超节点的核心是将成百上千张芯片「焊」成一台逻辑统一的超级计算机,而互联协议正是这道「焊接」工艺的灵魂。
互联协议可以理解为芯片之间「流通」的规则,明确了数据格式、路由机制等,让数据能「指哪打哪」地从一个芯片传到另一个芯片。
正因为互联协议决定了超节点的带宽、延迟和扩展规模上限,各家便从这里构筑技术壁垒,抢占生态话语权。于是,以互联协议为边界,超节点领域迅速分化成两大互不兼容的阵营。
一派走自研封闭路线。
英伟达主导的 NVLink 是这一路线的全球标杆,通过私有协议将自家 GPU 深度绑定,构筑了极高的生态护城河。
华为自研灵衢协议,依托超节点架构在国内智算中心规模化部署;壁仞科技推出 BLink 2.0,支持最多 1024 张 GPU 共享同一内存空间。
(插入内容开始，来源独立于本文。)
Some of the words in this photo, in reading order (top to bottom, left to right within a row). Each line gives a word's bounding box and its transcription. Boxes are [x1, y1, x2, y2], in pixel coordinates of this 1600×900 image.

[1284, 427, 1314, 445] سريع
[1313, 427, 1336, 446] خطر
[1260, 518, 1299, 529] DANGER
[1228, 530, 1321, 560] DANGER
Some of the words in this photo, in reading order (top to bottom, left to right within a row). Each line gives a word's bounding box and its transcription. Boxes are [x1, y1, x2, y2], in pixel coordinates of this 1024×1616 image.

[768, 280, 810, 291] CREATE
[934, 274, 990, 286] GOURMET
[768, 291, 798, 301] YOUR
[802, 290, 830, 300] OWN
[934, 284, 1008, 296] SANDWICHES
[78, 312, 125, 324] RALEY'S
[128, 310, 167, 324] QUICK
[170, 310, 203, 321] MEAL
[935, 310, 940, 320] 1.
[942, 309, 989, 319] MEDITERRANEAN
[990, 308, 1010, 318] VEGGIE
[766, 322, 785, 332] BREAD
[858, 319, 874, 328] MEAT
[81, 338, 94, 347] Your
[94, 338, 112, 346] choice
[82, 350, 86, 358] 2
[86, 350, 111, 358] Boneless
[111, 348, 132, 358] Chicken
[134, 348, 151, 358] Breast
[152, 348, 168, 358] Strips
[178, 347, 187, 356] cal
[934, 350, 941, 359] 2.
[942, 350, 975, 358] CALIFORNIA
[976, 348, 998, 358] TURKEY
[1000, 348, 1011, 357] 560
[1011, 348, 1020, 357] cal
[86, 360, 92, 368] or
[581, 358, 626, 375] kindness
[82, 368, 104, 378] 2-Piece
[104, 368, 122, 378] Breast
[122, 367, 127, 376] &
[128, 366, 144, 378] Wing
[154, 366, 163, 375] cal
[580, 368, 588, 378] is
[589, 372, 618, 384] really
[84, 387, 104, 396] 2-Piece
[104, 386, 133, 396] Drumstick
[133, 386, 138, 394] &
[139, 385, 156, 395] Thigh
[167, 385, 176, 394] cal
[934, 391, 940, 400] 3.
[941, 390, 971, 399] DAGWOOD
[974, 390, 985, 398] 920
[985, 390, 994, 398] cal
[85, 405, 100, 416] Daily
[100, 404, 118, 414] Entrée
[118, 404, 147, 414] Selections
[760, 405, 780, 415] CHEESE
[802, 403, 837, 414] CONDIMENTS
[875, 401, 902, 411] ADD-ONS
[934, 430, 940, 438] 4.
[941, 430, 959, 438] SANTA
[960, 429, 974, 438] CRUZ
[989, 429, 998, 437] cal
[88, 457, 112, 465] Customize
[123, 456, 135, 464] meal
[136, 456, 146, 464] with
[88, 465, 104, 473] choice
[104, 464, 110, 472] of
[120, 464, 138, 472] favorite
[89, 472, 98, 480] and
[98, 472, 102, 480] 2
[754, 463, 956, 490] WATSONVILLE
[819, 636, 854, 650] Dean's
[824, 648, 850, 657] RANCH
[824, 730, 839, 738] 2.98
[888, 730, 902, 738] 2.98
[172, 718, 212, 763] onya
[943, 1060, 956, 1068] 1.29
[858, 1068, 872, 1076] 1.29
自研协议的好处是性能可以针对自家芯片做极致优化,并且,客户一旦选定便被深度绑定,不会轻易迁移。
另一派走开放标准路线。
中兴通讯主导的 OEX 架构采用无背板、0 线缆设计,支持 CLink、SUE 等主流协议,真正实现「多芯协同、开放兼容」。中国移动的 OISA 协议支持超节点内任意 GPU 卡间点对点读写互联带宽达 896GB/s。
此外,由 AMD、谷歌、阿里等 70 余家厂商联合制定的 UALink 协议,单个超节点可支持 1024 个加速器。
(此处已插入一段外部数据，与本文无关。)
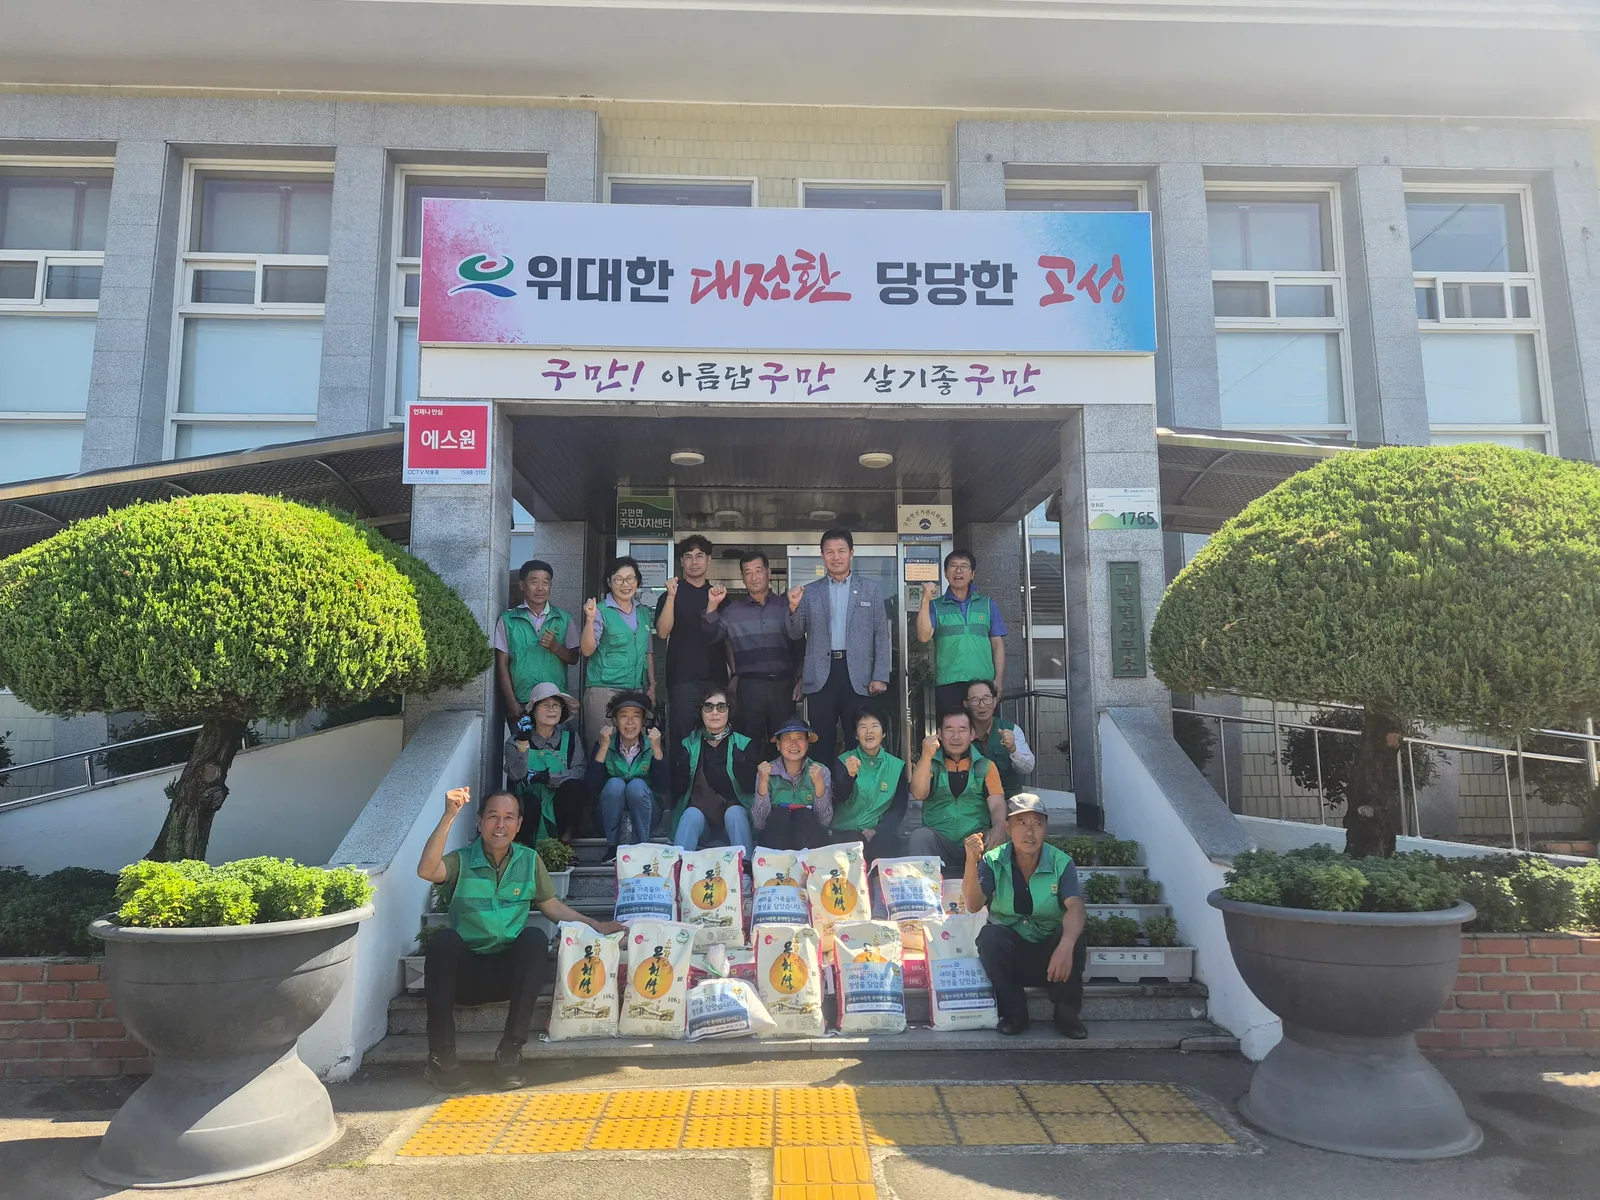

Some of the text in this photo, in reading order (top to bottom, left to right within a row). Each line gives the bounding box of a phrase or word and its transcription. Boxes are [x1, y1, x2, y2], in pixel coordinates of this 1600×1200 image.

两条路线各有逻辑,自研封闭追求极致性能与生态控制,开放标准追求兼容并包与产业协同。但代价也同样存在,封闭生态让客户考虑依赖性,开放路线则因多厂商博弈,标准收敛和技术迭代往往更慢。
第二个变量存在于光互连方式。
随着 GPU 算力飙升,铜缆电信号撑不过 3 米就开始严重衰减,基于这一物理事实,光互连成为超节点的必然选择。
但怎么完成「光互连」,各家又走到了不同的岔路口。
主流玩家已形成两条路线:NPO 与 CPO。
NPO 选择将光引擎放在芯片旁的同一块基板上,而 CPO 则把光引擎和芯片「焊死」在同一个封装里,后者极致集成但技术门槛更高,而前者不用动芯片底层的封装工艺,是眼下最务实、最快能落地的过渡方案。
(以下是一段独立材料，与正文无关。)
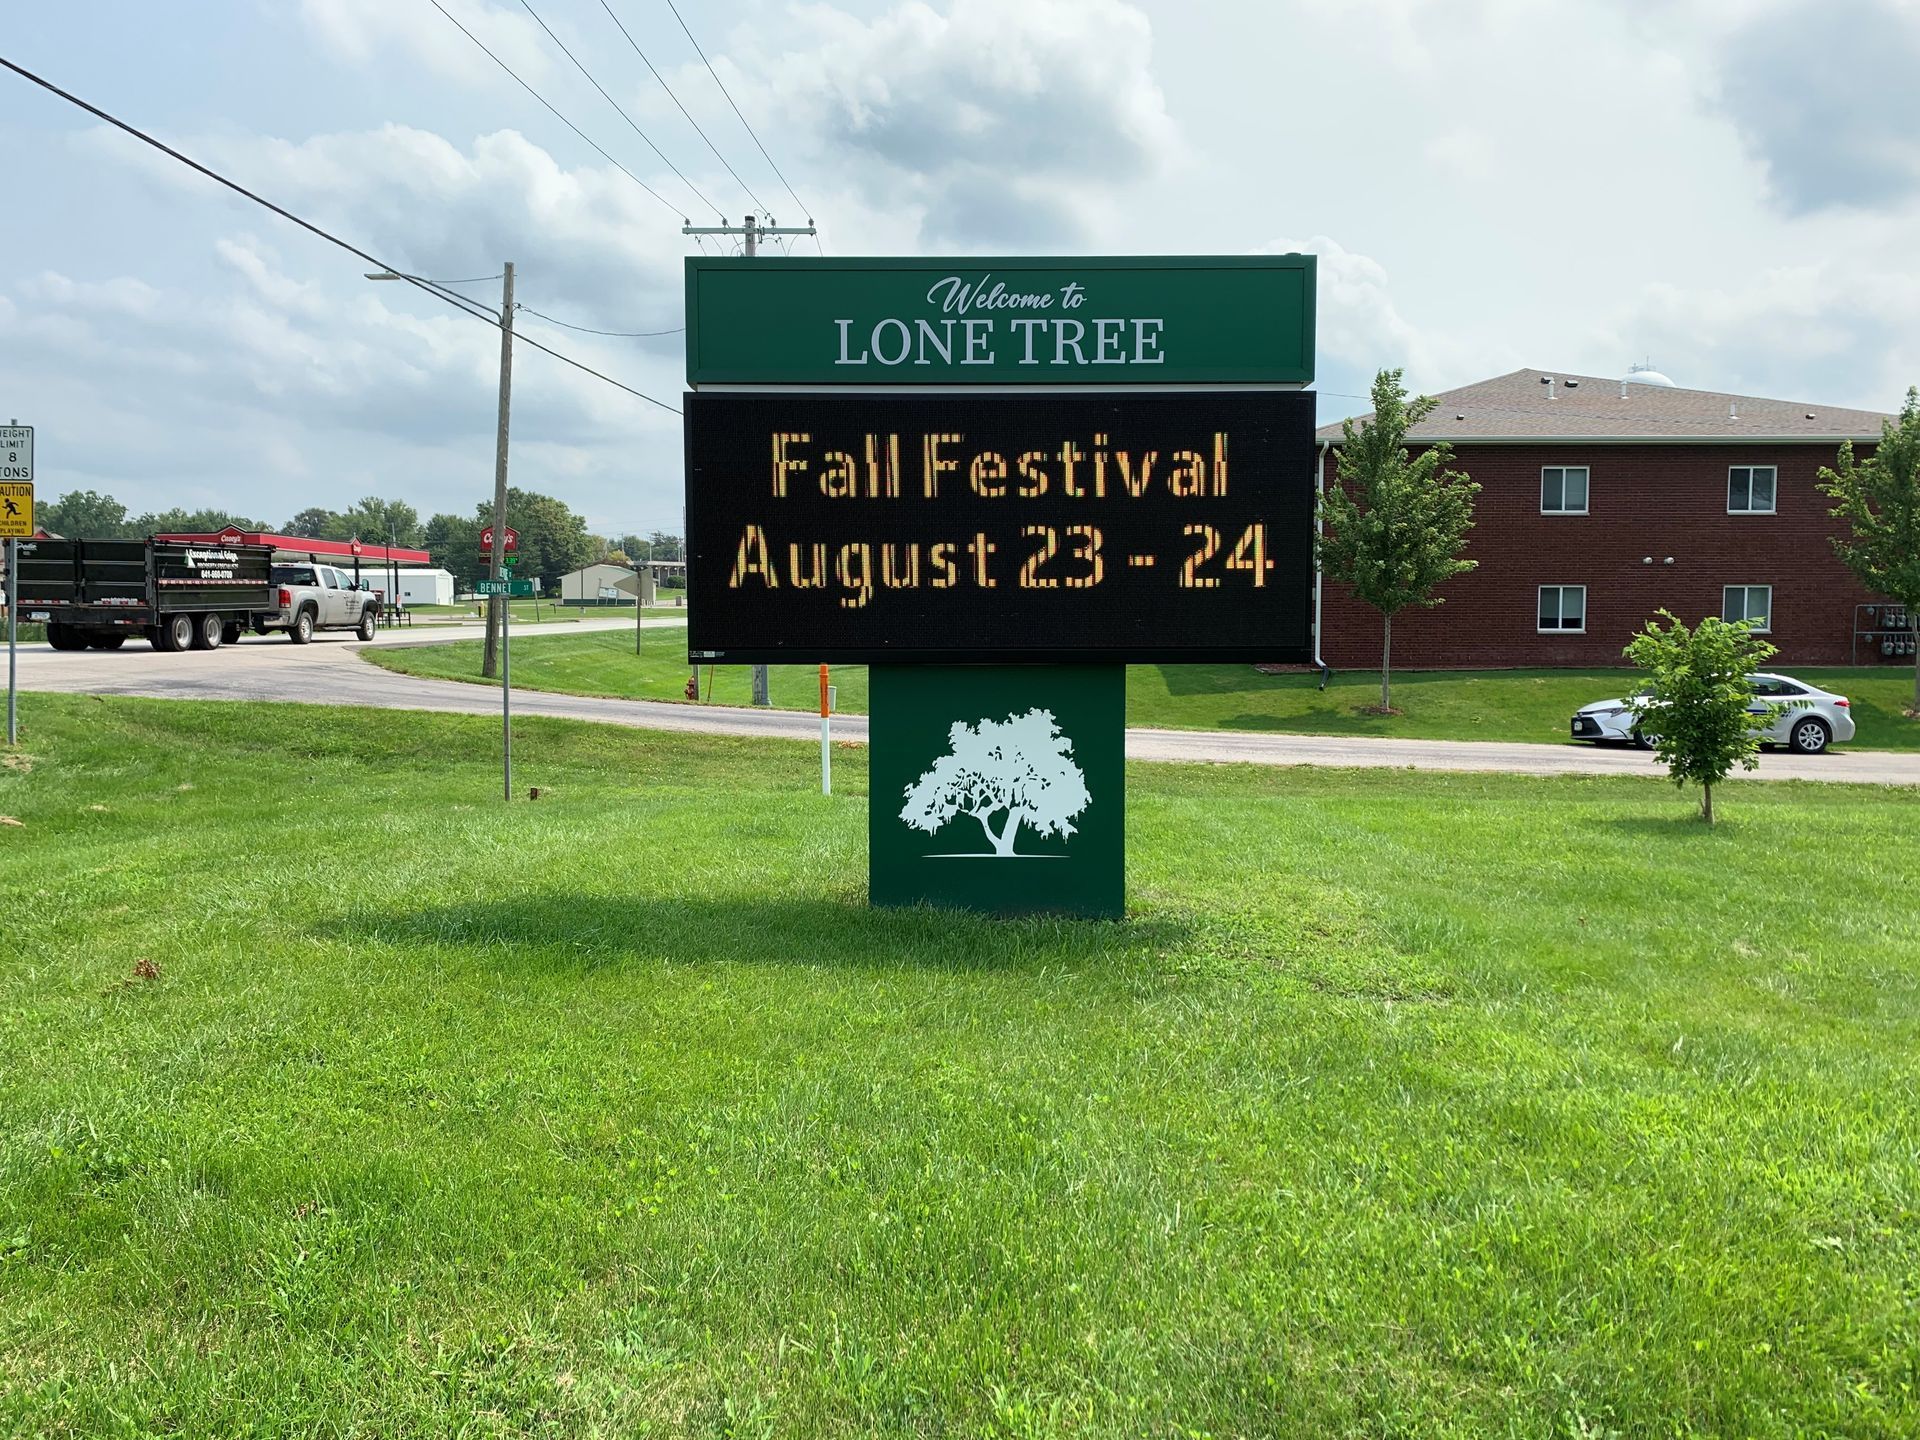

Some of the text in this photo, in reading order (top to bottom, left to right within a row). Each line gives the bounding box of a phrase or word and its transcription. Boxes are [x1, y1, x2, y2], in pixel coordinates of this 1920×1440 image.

[926, 273, 1087, 315] Welcome to
[834, 318, 1165, 365] LONE TREE
[0, 440, 24, 448] LIMIT
[8, 452, 17, 462] 8
[771, 432, 1228, 499] Fall Festival
[0, 485, 31, 497] AUTION
[484, 533, 514, 545] Cay's
[729, 523, 1276, 609] August 23 - 24
[480, 582, 512, 593] BENNET
在 NPO 路线上,作为光通信领域的老牌玩家,华为成了「规则制定者」。
2026 年 7 月,华为联合中国移动、百度等 20 多家产业链伙伴,启动了国内首个 NPO 光互连 MSA(多源协议)。
其目标是率先定义 NPO 的接口标准、封装规范等,抢占光互连标准的话语权。
壁仞科技是 NPO 路线的另一代表。
在 WAIC 2026 上,壁仞正式推出了基于 NPO 光互连的超节点方案,支持单节点 1024 卡扩展。与华为侧重定义标准不同,壁仞更聚焦于将 NPO 技术产品化并落地。
CPO 路线同样不乏探索者。
华工科技在 2025 年就已发布 3.2T CPO 光引擎,并在 2026 年推出了全球首款 3.2T NPO 产品,形成 NPO 与 CPO 双路线布局。
IDC 预计 CPO 大规模商用约在 2028 年,锐捷网络等交换机厂商也在布局。
第三个变量是散热。
AI 芯片功耗正从数百瓦一路奔向 2000W 以上级别,液冷已经从「锦上添花」变成了「非它不可」。但在具体路径上,行业的分歧同样明显。
一边是冷板式液冷成熟、改造成本低,大多数厂商愿意先走这条路;另一边,浸没式液冷散热效率更高,但要把整个数据中心的设计推倒重来。
类似的,机柜内部互联架构、供配电方案等底层支撑环节,同样处于「标准未定、路线多元」的混沌期。
但对一个新兴产业而言,收敛共识的路上注定充满变量与分歧。
超节点衍生出的路线分化,也带出了一条新的确定性,GPU 的单项参数不再主宰胜负,真正决定高下的,是由互联、传输、散热、软件等多变量耦合而成的系统能力。
3、超节点不会出现「赢者通吃」
半导体行业谈论起「超节点」,会自动把光环聚焦于华为。
2025 年华为昇腾 AI 芯片出货约 81.2 万张,占国产厂商总出货量约 49%。昇腾 384 超节点累计商用落地超 750 套,覆盖 20 多个行业,而昇腾 950 已锁定多个智算中心、运营商的前置订单。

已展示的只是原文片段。